_PROBLEM DETAILS_
Without including any picture, write out the entries exactly as they stand.

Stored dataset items
☆ ☆ ☆ ☆ ☆ ☆ ☆
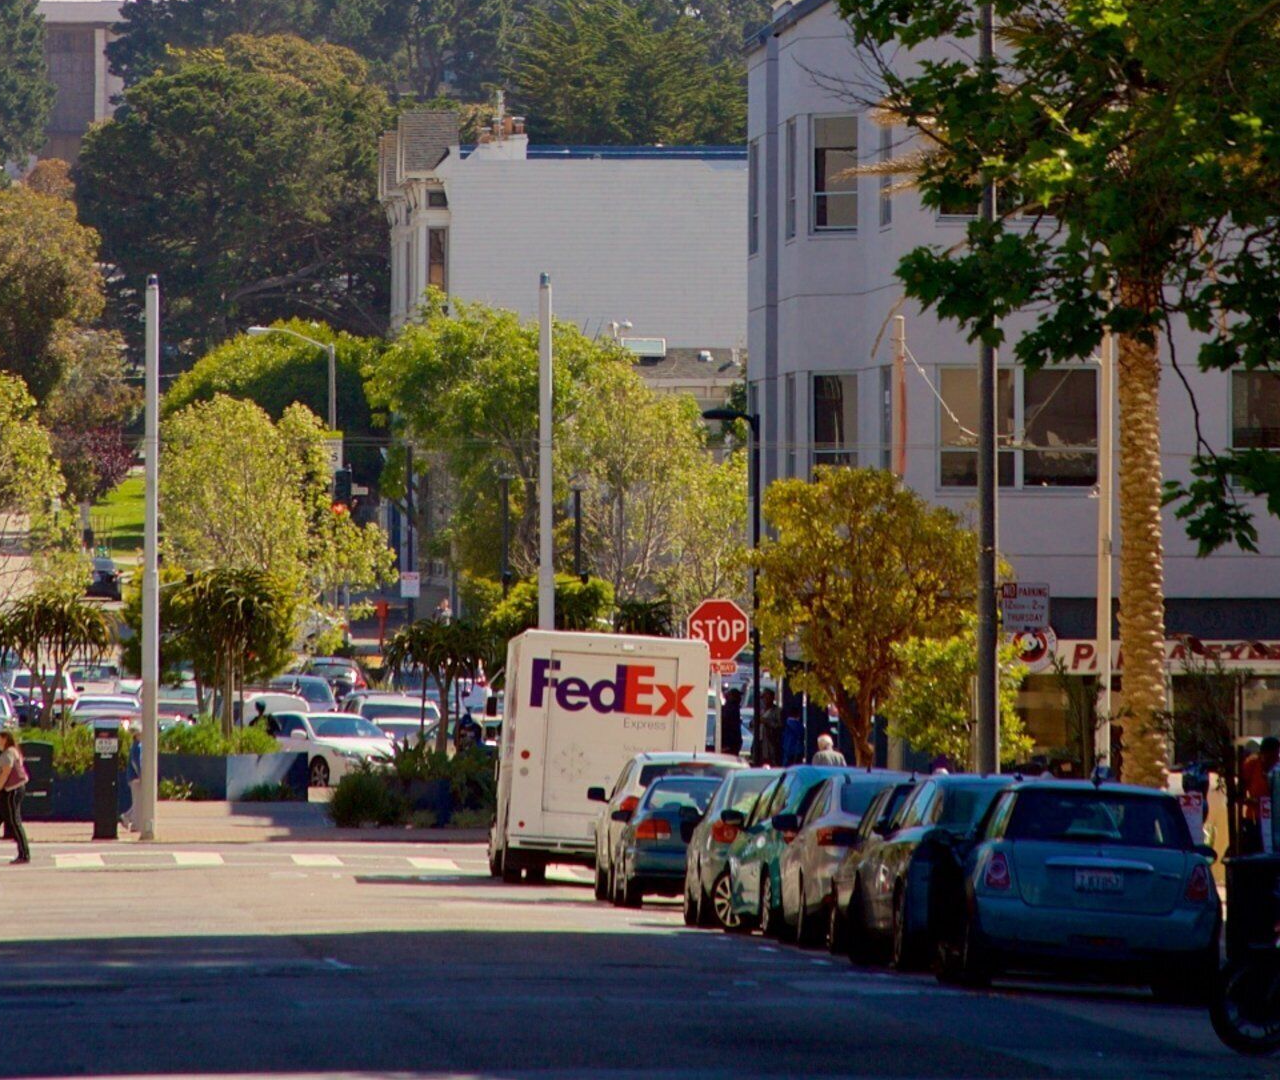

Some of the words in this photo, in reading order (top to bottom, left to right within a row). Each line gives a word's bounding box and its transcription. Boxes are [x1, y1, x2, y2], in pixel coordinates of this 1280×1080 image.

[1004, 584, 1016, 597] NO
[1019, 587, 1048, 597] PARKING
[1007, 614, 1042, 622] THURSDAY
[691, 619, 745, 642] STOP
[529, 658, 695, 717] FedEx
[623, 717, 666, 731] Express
☆ ☆ ☆ ☆ ☆ ☆ ☆
_RESPONSE TO THE TASK_
Some of the words in this photo, in reading order (top to bottom, left to right within a row). Each line gives a word's bounding box and its transcription. Boxes are [x1, y1, x2, y2], in pixel coordinates of this 1280×1080 image.

[1004, 584, 1016, 597] NO
[1019, 587, 1048, 597] PARKING
[1007, 614, 1042, 622] THURSDAY
[691, 619, 745, 642] STOP
[529, 658, 695, 717] FedEx
[623, 717, 666, 731] Express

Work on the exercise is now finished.